Sustainability as a moral obligation is a general obligation, not a specific one. It is not an obligation to preserve this or preserve that. It is an obligation, if you want to make sense of it, to preserve the capacity to be well off, to be as well off as we. That does not preclude preserving specific resources, if they have an independent value and no good substitutes. But we shouldn't kid ourselves, that is part of the value of specific resources. It is not a consequence of any interest in sustainability.

Secondly, an interest in sustainability speaks for investment generally. I mentioned that directing the rents on non-renewable resources into investment is a good rule of thumb, a reasonable and dependable starting point. But what sustainability speaks for is investment, investment of any kind.
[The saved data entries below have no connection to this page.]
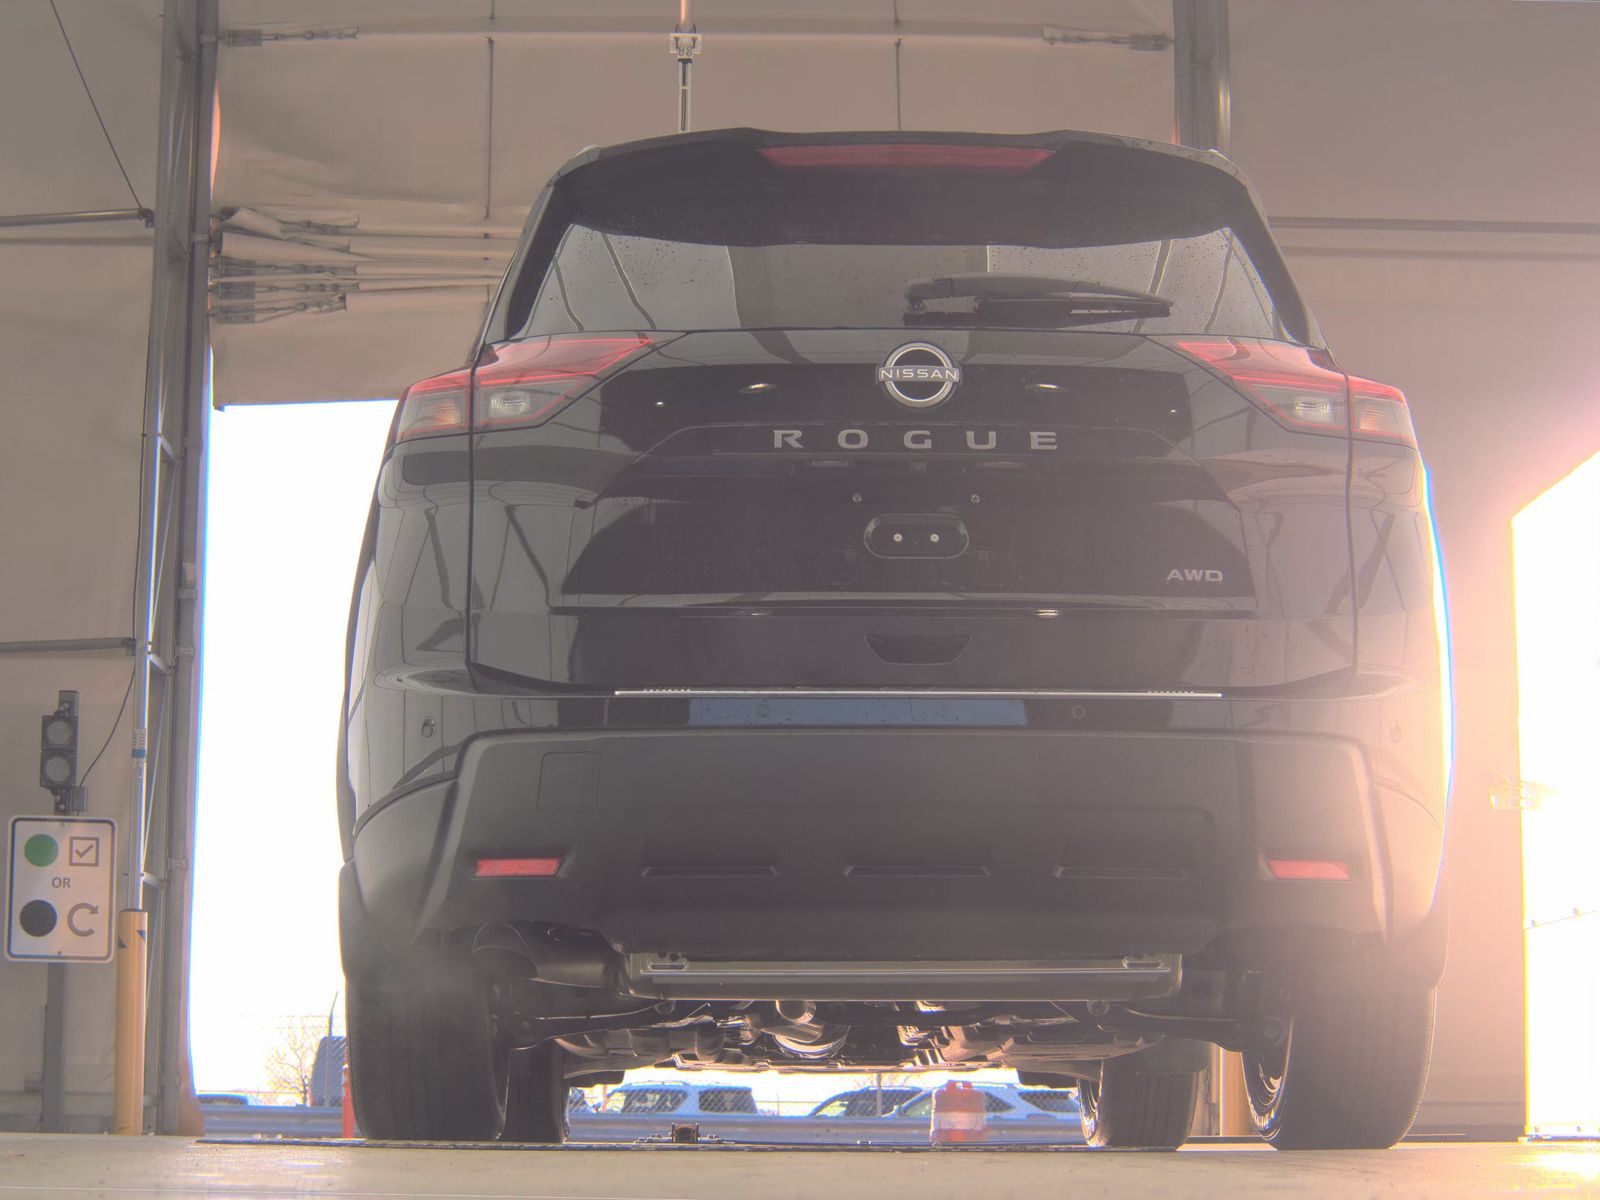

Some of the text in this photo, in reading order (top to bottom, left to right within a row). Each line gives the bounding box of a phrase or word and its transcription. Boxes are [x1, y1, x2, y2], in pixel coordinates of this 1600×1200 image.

[881, 368, 957, 380] NISSAN
[773, 429, 1058, 450] ROGUE
[1166, 568, 1223, 581] AWD
[52, 877, 71, 888] OR
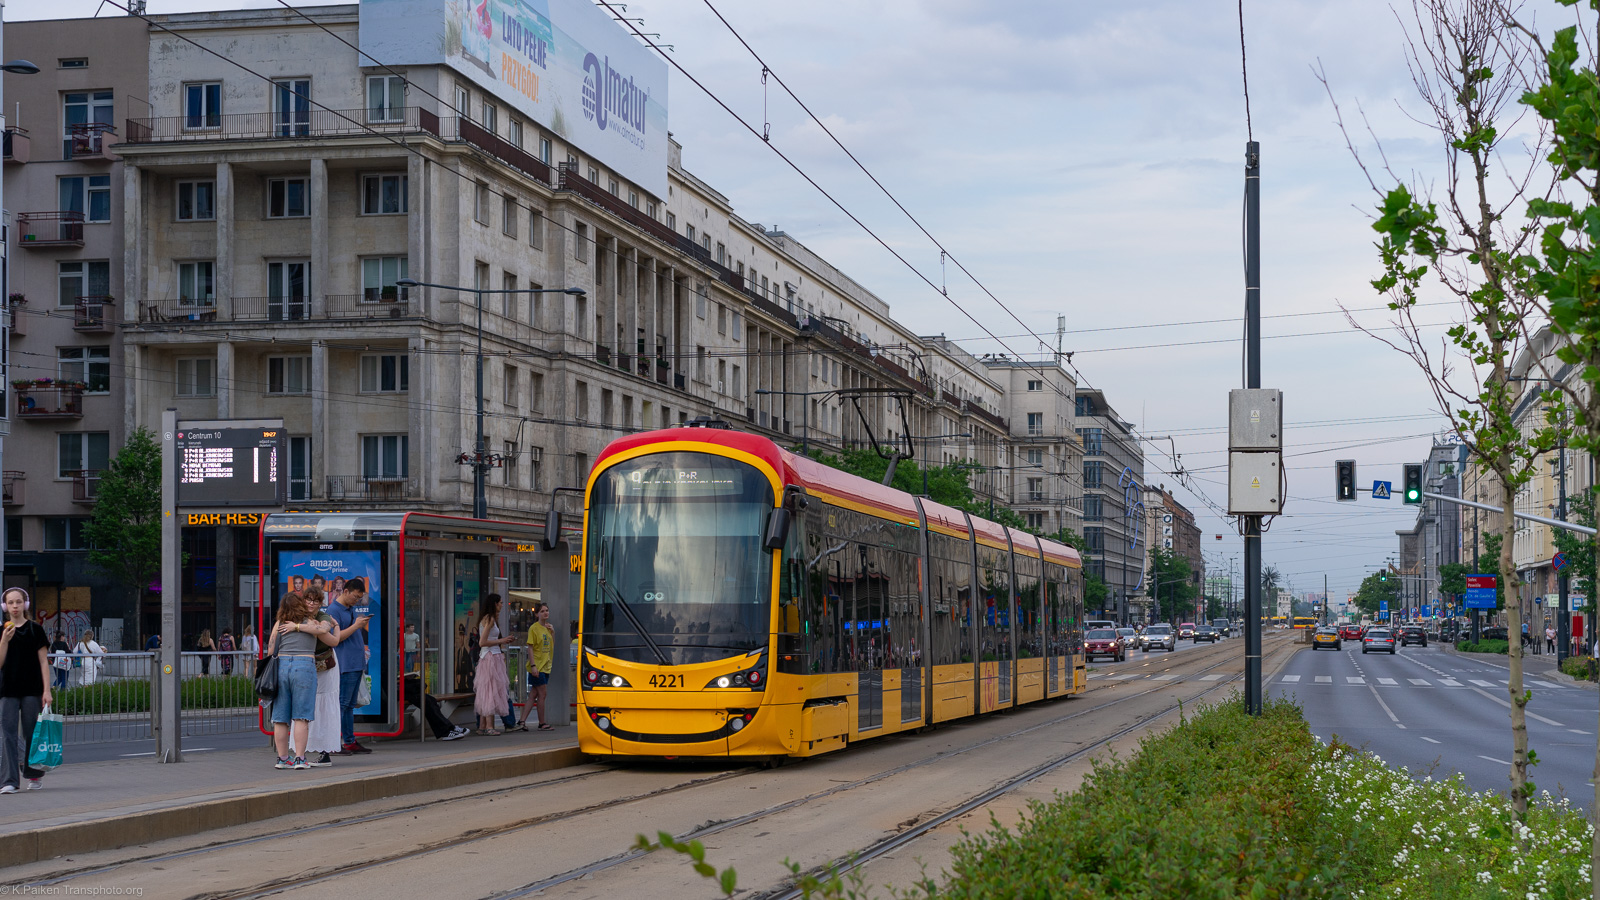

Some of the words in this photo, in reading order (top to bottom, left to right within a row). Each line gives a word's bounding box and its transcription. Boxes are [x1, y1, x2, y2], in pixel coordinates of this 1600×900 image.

In particular, environmental investment seems to me to correlate pretty well with concerns about sustainability and so, of course, does reliance on renewable resources as substitutes for non-reliable ones.

Third, there is something faintly phony about deep concern for the future combined with callousness about the state of the world today. The catch is that today's poor want consumption not investment. So the conflict is pretty deep and there is unlikely to be an easy way to resolve it.

Fourth, research is a good thing. Knowledge on the whole is an environmentally neutral asset that we can contribute to the future. I said that in thinking about sustainability you need to be as inclusive as you can. Investment in the broader sense and investment in knowledge, especially technological and scientific knowledge, is as environmentally clean an asset as we know.

And the last thing I'd like to say is, don't forget that sustainability is a vague concept. It is intrinsically inexact. It is not something that can be measured out in coffee spoons. It is not something you could be numerically accurate about. It is, at best, a general guide to policies that have to do with investment, conservation, and resource use. And we shouldn't pretend it is anything other than that.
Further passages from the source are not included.